If you are running in your own account, you may keep your Ocean cluster and your Spot.io Account, as it is free of charge for up to 20 Nodes. If you are running in an account that was created for you as part of an AWS event, there is no need to delete the resources used in this chapter as the AWS account will be closed automatically, but you should still proceed with the deletion of the Ocean cluster and closing of the Spot.io account.
To delete the resources used in this chapter from your EKS cluster:
kubectl delete -f test_deployments.yaml
kubectl delete deployment spotinst-kubernetes-cluster-controller -n kube-system
In order to delete the Ocean cluster, on the Ocean dashboard click Actions, and then “Delete”.

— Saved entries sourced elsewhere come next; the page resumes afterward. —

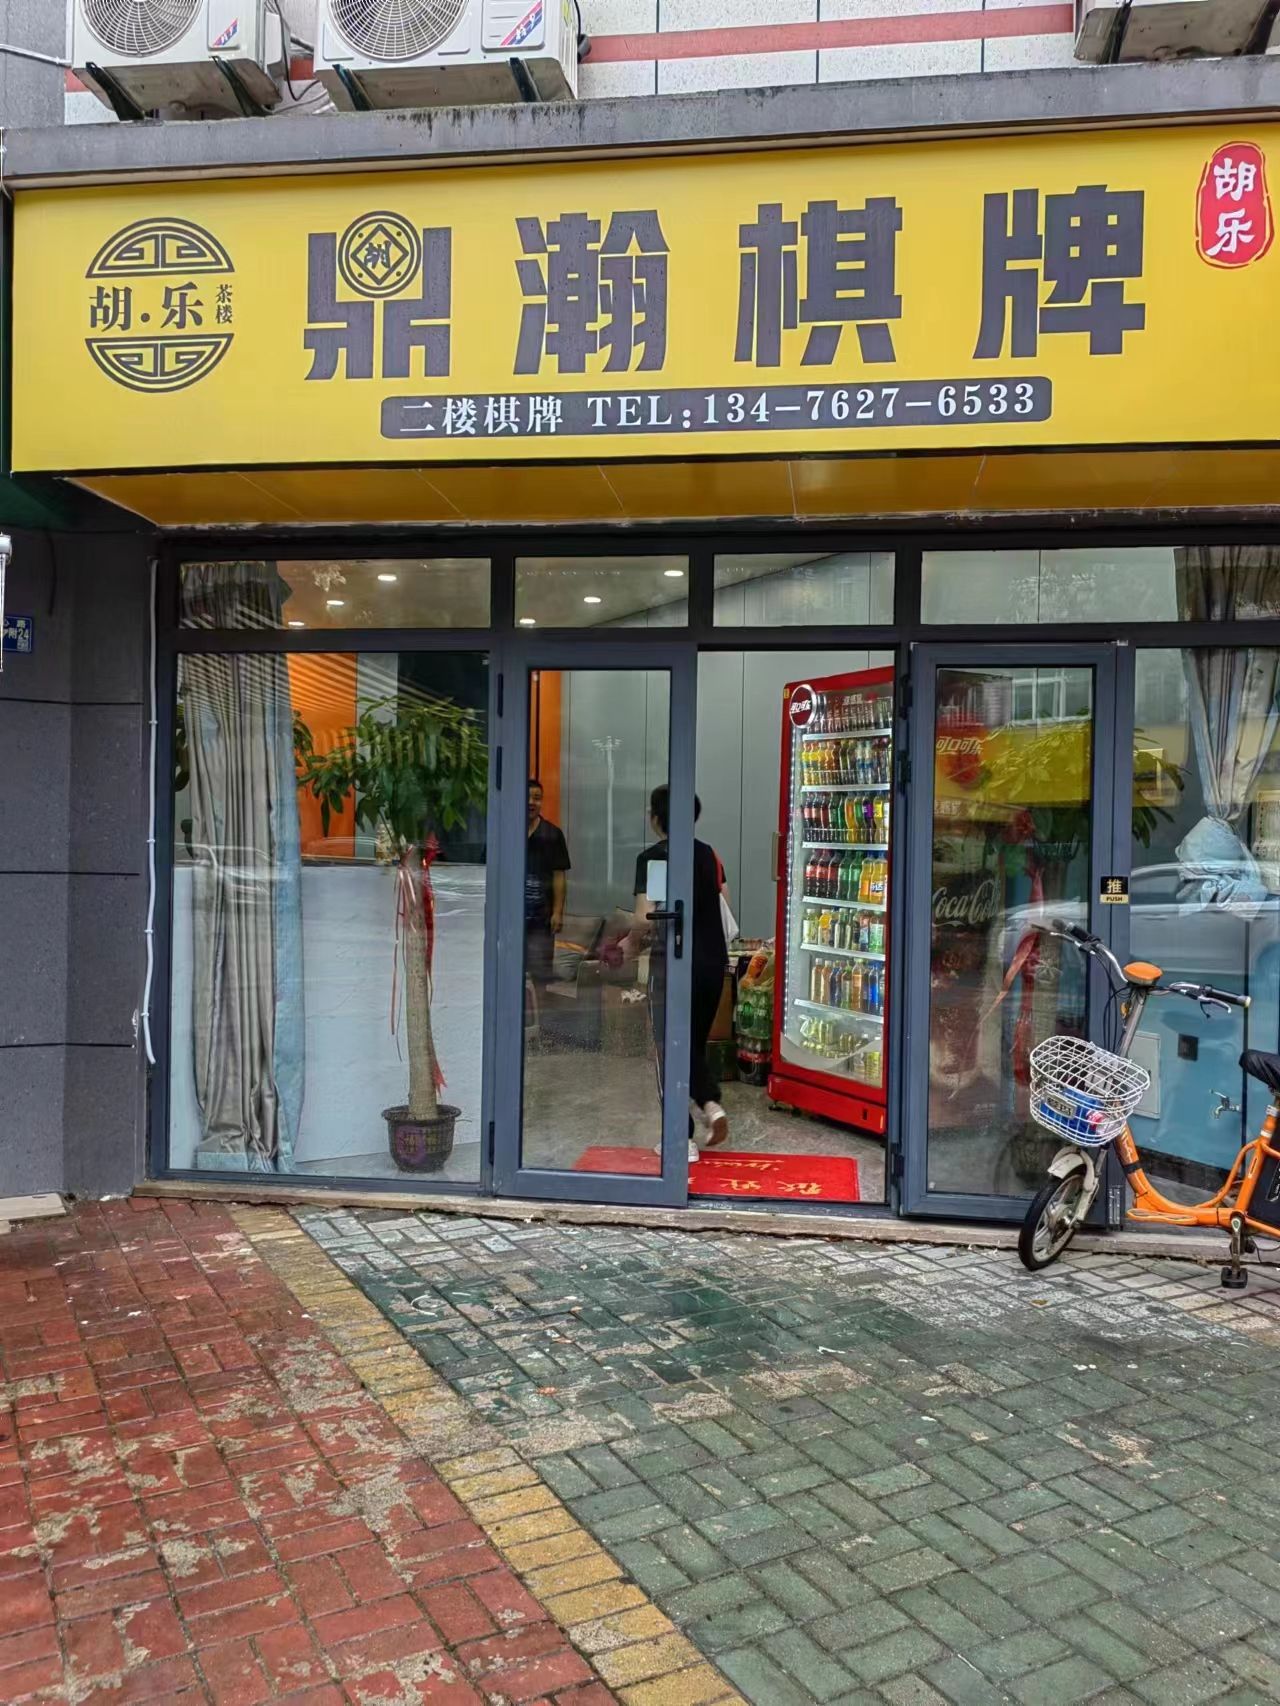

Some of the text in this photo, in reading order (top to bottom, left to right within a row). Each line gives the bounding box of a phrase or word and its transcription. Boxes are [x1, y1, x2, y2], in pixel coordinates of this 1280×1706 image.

[1208, 157, 1255, 258] 胡乐
[304, 184, 1146, 381] 鼎瀚棋牌
[214, 284, 234, 325] 茶楼
[399, 395, 563, 436] 二楼棋牌
[1106, 896, 1123, 904] PUSH
[1107, 878, 1122, 894] 推

Click “Delete Cluster” in the prompt.
Next in order to delete your Spot.io Organization, click the blue “Chat” button on far right edge of your Console, and ask the 24/7 Spot.io Tech Support team to delete it.

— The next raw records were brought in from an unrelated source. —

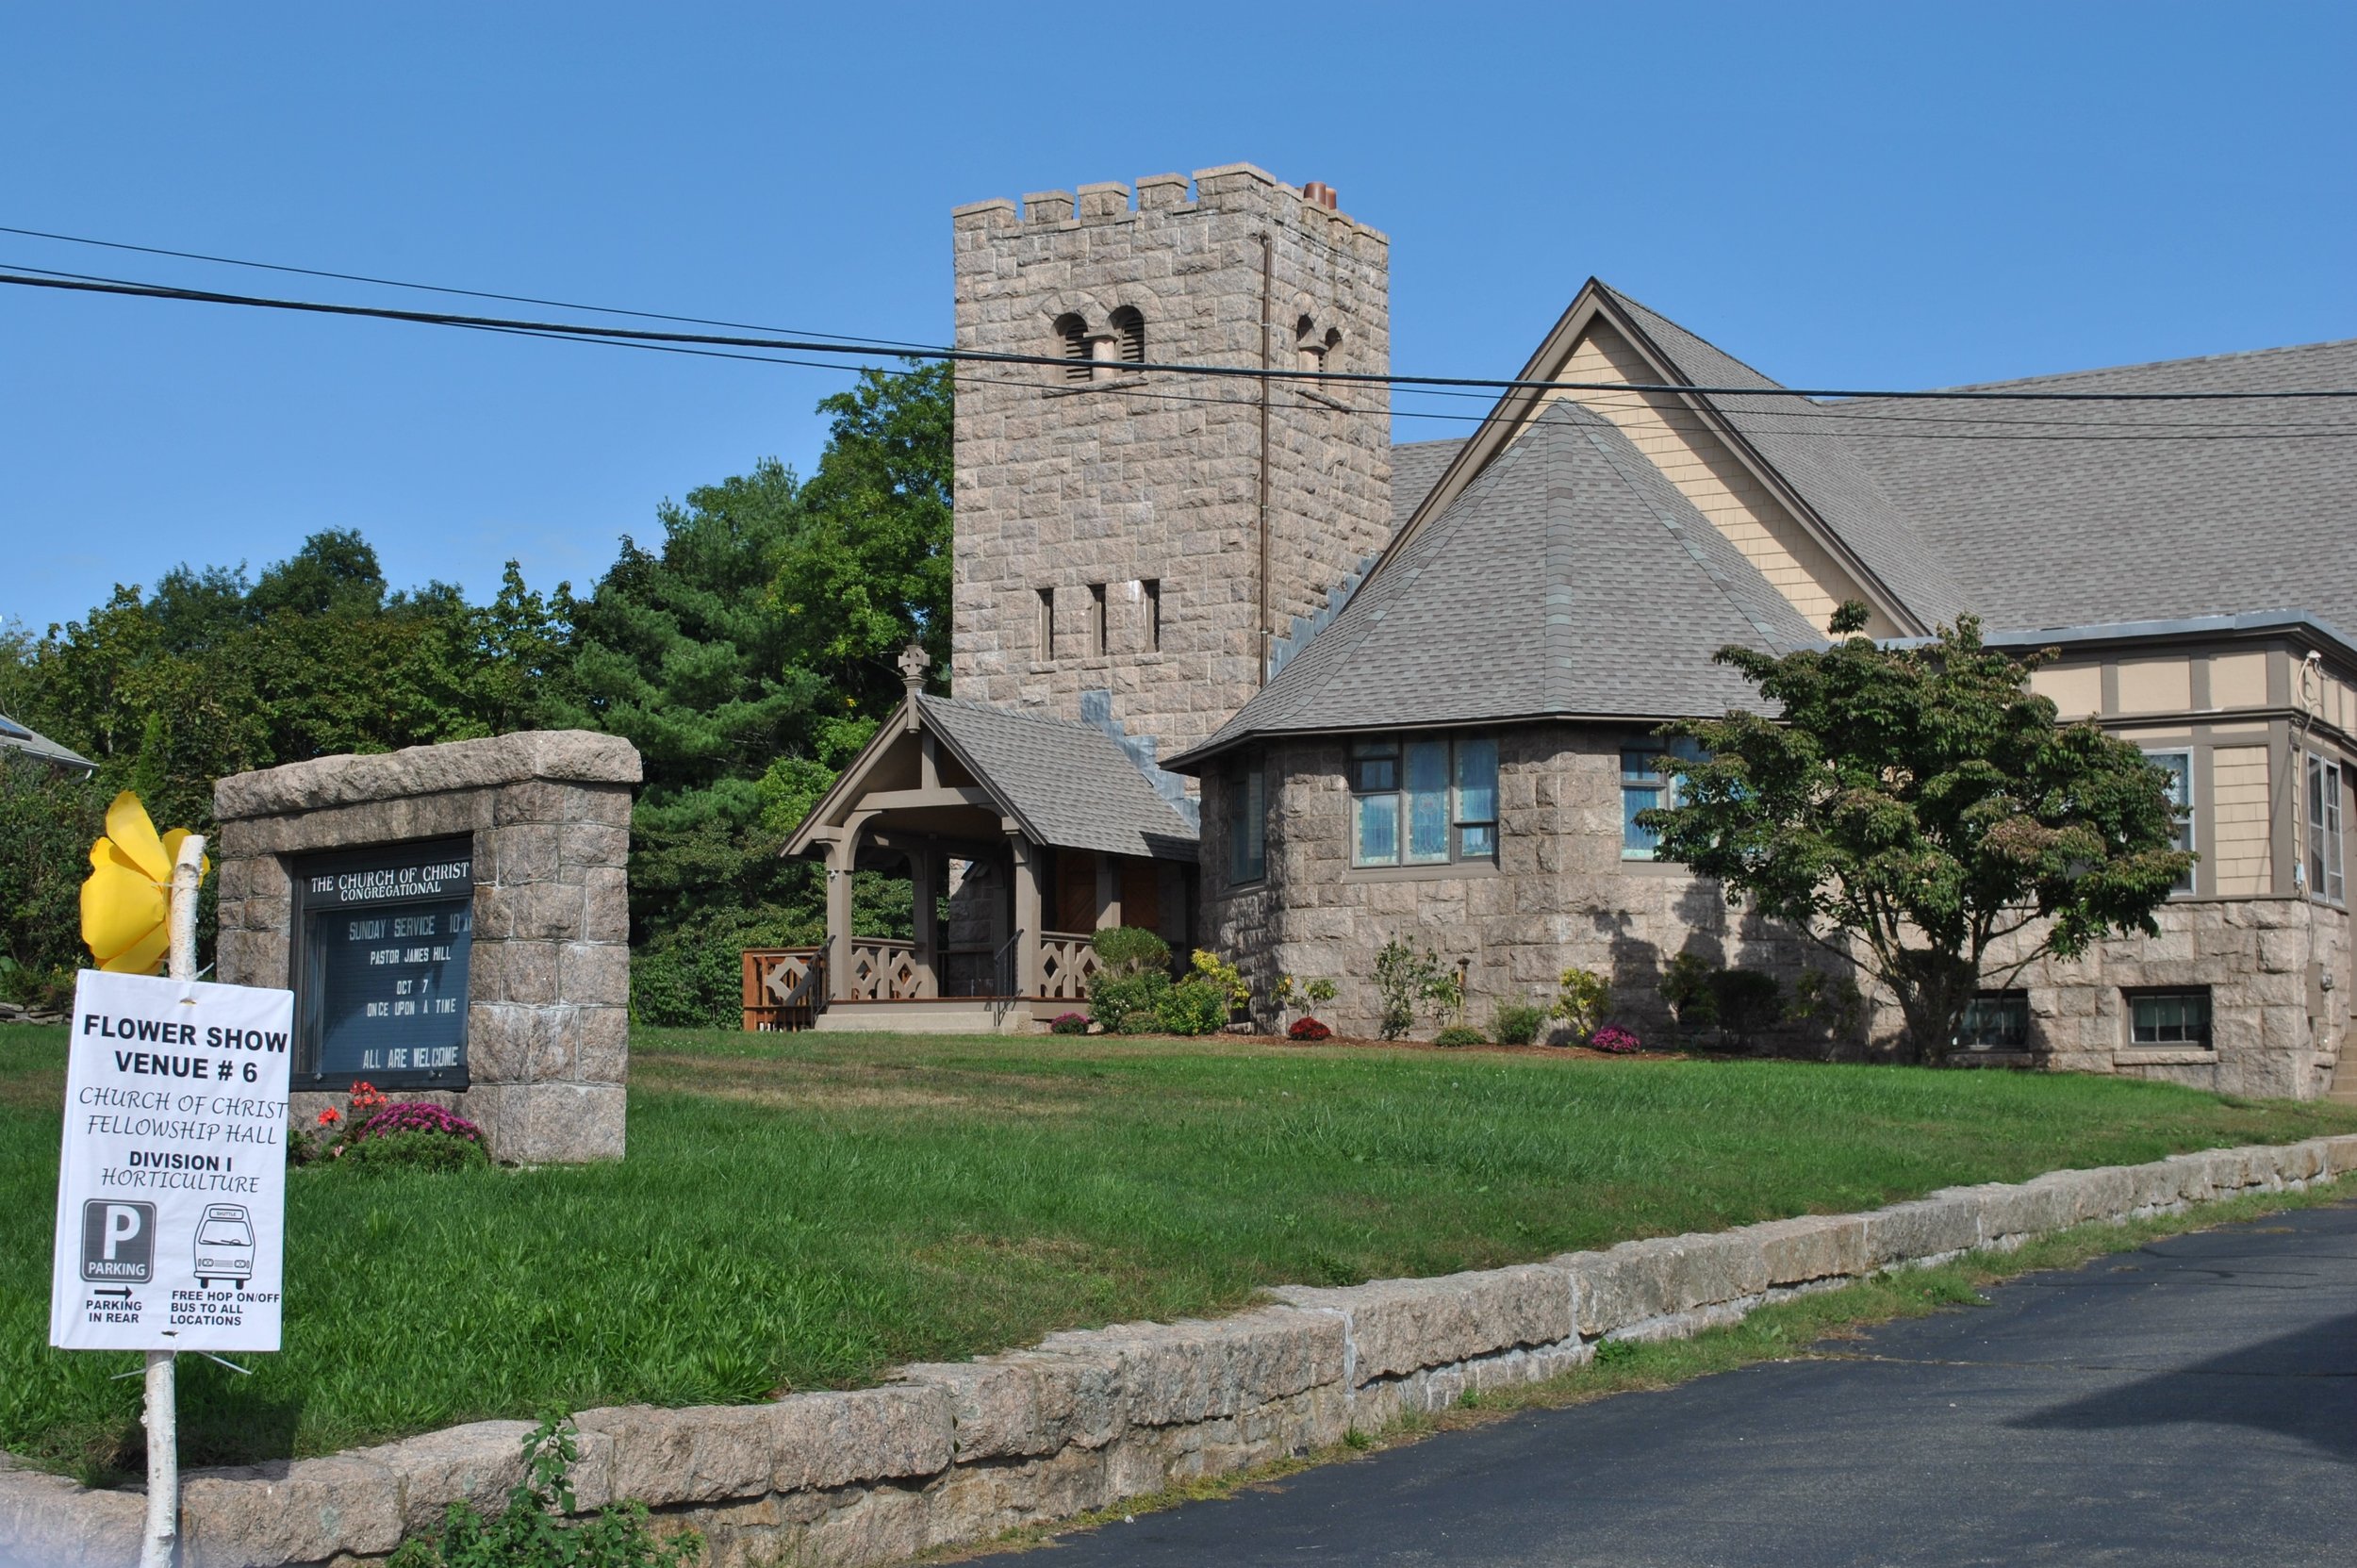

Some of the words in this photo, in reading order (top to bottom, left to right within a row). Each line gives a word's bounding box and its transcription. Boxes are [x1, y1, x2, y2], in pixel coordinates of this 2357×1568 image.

[311, 875, 334, 893] THE
[338, 869, 394, 890] CHURCH
[399, 867, 417, 883] OF
[422, 862, 470, 882] CHRIST
[340, 881, 441, 901] CONGREGATIONAL
[349, 918, 387, 941] SUNDAY
[394, 916, 436, 937] SERVICE
[450, 914, 460, 933] 10
[370, 949, 400, 966] PASTOR
[404, 948, 429, 963] JAMES
[433, 946, 452, 962] HILL
[396, 980, 413, 995] OCT
[422, 979, 429, 994] 7
[367, 1001, 388, 1017] ONCE
[394, 1000, 415, 1015] UPON
[422, 999, 429, 1015] A
[436, 998, 456, 1014] TIME
[84, 1014, 197, 1046] FLOWER
[206, 1027, 288, 1053] SHOW
[115, 1050, 208, 1079] VENUE
[218, 1060, 234, 1081] #
[243, 1062, 257, 1082] 6
[362, 1048, 381, 1069] ALL
[387, 1048, 407, 1068] ARE
[413, 1046, 459, 1068] WELCOME
[79, 1087, 171, 1111] CHURCH
[178, 1096, 207, 1115] OF
[212, 1098, 289, 1119] CHRIST
[88, 1114, 220, 1142] FELLOWSHIP
[226, 1124, 277, 1145] HALL
[129, 1151, 219, 1172] DIVISION
[227, 1157, 232, 1172] I
[101, 1167, 260, 1193] HORTICULTURE
[103, 1205, 140, 1260] P
[89, 1262, 146, 1277] PARKING
[86, 1300, 142, 1312] PARKING
[172, 1291, 203, 1301] FREE
[207, 1292, 233, 1302] HOP
[237, 1293, 280, 1304] ON/OFF
[89, 1312, 102, 1323] IN
[106, 1312, 140, 1324] REAR
[171, 1303, 196, 1312] BUS
[200, 1304, 217, 1313] TO
[221, 1304, 243, 1314] ALL
[170, 1314, 241, 1326] LOCATIONS

If your wish to make further use of your Spot.io Organization (to connect your real cloud account later, for example) you may leave your Organization intact, and instead ask the Spot.io Tech Support team to allow you to create a new account, and make that one your default. Once that is done, you can ask for the account you were using during the workshop to be deleted.
Finally, to detach your AWS cloud account from the platform, you need to delete the CloudFormation stack used to create the IAM Role and Policy during the account connection stage. Browse to the AWS ClouFormation Console, go to Stacks, Search for “spotinst-iam” and delete the Stack.